Japan's wartime children in Philippines search for kin, identity


In this photo taken on Aug 1, 2025, Jose Villafuerte shows a mobile phone with a photo of his father Ginjiro Takei, a Japanese imperial army office at his home in San Pablo. - AFP

SAN PABLO CITY, Philippines: After a lifetime of searching, Jose Villafuerte this month finally found the Japanese father he lost during the dark years of World War II in the occupied Philippines.

The 82-year-old, a former gravedigger, was still in the womb of his Filipina mother, Benita Abril, when her partner, imperial army officer Ginjiro Takei, returned to Japan during its brutal occupation of the archipelago from 1942-45.

His quest ended this month, days before the 80th anniversary of Japan's surrender on Aug 15, 1945, after an advocacy group found Takei's tomb in Japan, where he had raised a family following the war.

A living half-brother and half-sister were also found, with DNA swabs sealing the family ties.

"I'm excited.
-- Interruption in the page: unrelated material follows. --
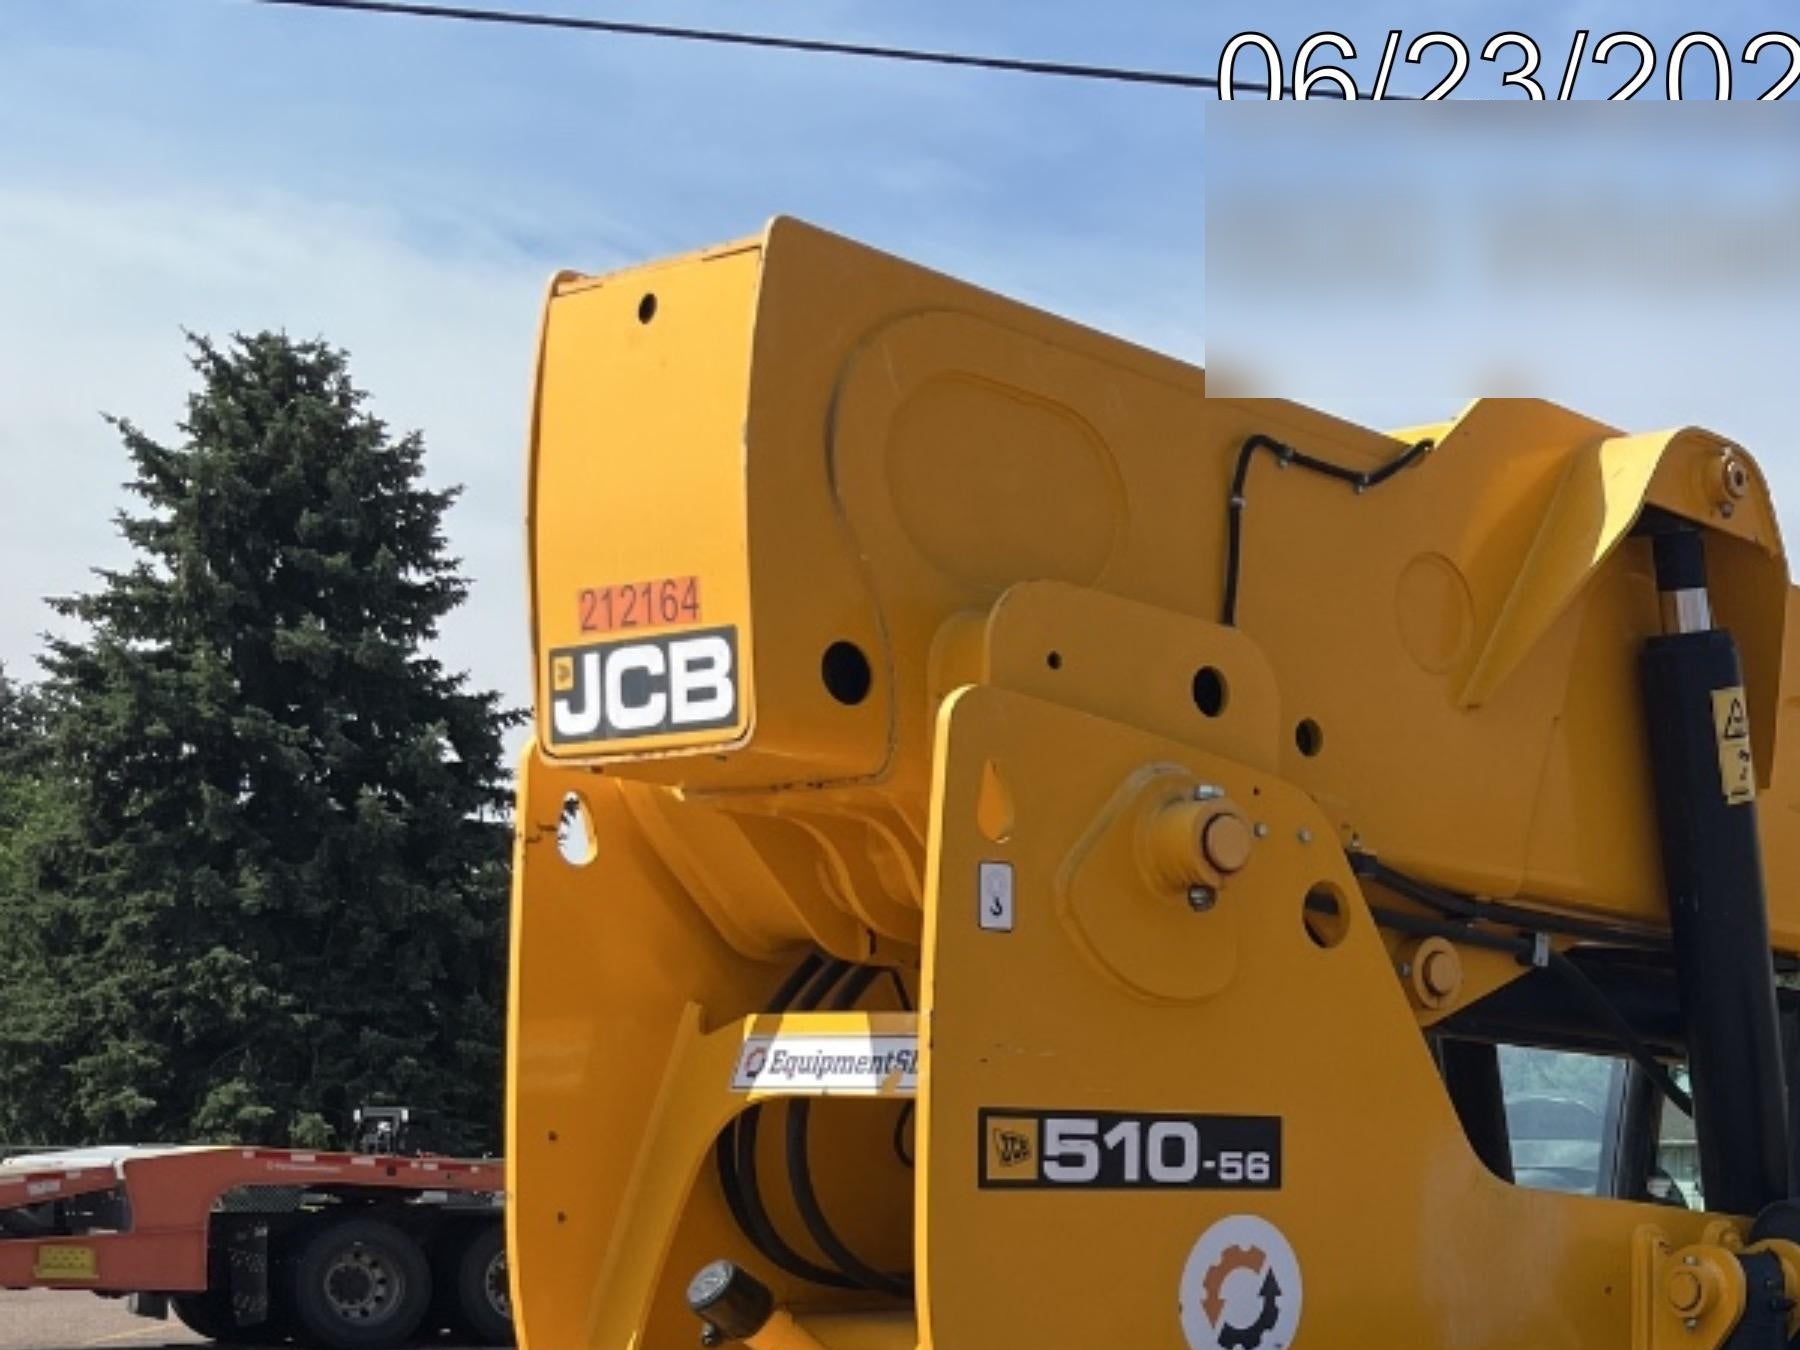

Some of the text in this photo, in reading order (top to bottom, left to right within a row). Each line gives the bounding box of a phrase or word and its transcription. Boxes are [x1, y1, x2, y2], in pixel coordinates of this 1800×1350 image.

My mother had spent years trying to make this happen," Villafuerte, a slightly built father of eight, told AFP at his home in San Pablo city, south of Manila, ahead of his first visit to Japan.

Escorted by his son, he lit a candle and prayed before his father's tombstone in the city of Takatsuki, between Kyoto and Osaka, on Aug 7.

Jose Villafuerte (centre) praying with his son Avelino Villafuerte (left) and his Japanese half-brother Hiroyuki Takei (right) at the gravesite of their father Ginjiro Takei together for the first time, in the city of Takatsuki in Osaka prefecture. - AFPJose Villafuerte (centre) praying with his son Avelino Villafuerte (left) and his Japanese half-brother Hiroyuki Takei (right) at the gravesite of their father Ginjiro Takei together for the first time, in the city of Takatsuki in Osaka prefecture. - AFP

He met his half-brother Hiroyuki Takei for the first time a day earlier and now expects to get a Japanese passport, as well as visas for his children and grandchildren.

Villafuerte is one of more than 3,000 "Nikkei-jin", offspring of Japanese who were in the Philippines before or during World War II.

Japan has in recent years begun helping in "recovering their identity", said Norihiro Inomata, country director for the Philippine Nikkei-jin Legal Support Center (PNLSC).

Japanese Prime Minister Shigeru Ishiba met Villafuerte and two other Nikkei-jin during a visit to Manila in April.

However, only 100 or so are still alive more than two decades after the effort was launched in 2003, Inomata told AFP.

The oldest is 97.

"Time is running out," he said.

"It was fate's design that I would be able to visit my father's grave. I am very much blessed, because I saw my brother and he guided me here to see the tomb of my father and their relatives," Villafuerte told reporters during the Takatsuki visit.

His father Takei, a Japanese army engineer, worked on the Philippine railway system as part of the occupation forces but was sent home during the war, Inomata said.

Growing up in post-war Philippines, Villafuerte was the target of merciless bullying, blowback from a conflict in which half a million of the South-East Asian country's 17 million people were killed, most of them civilians.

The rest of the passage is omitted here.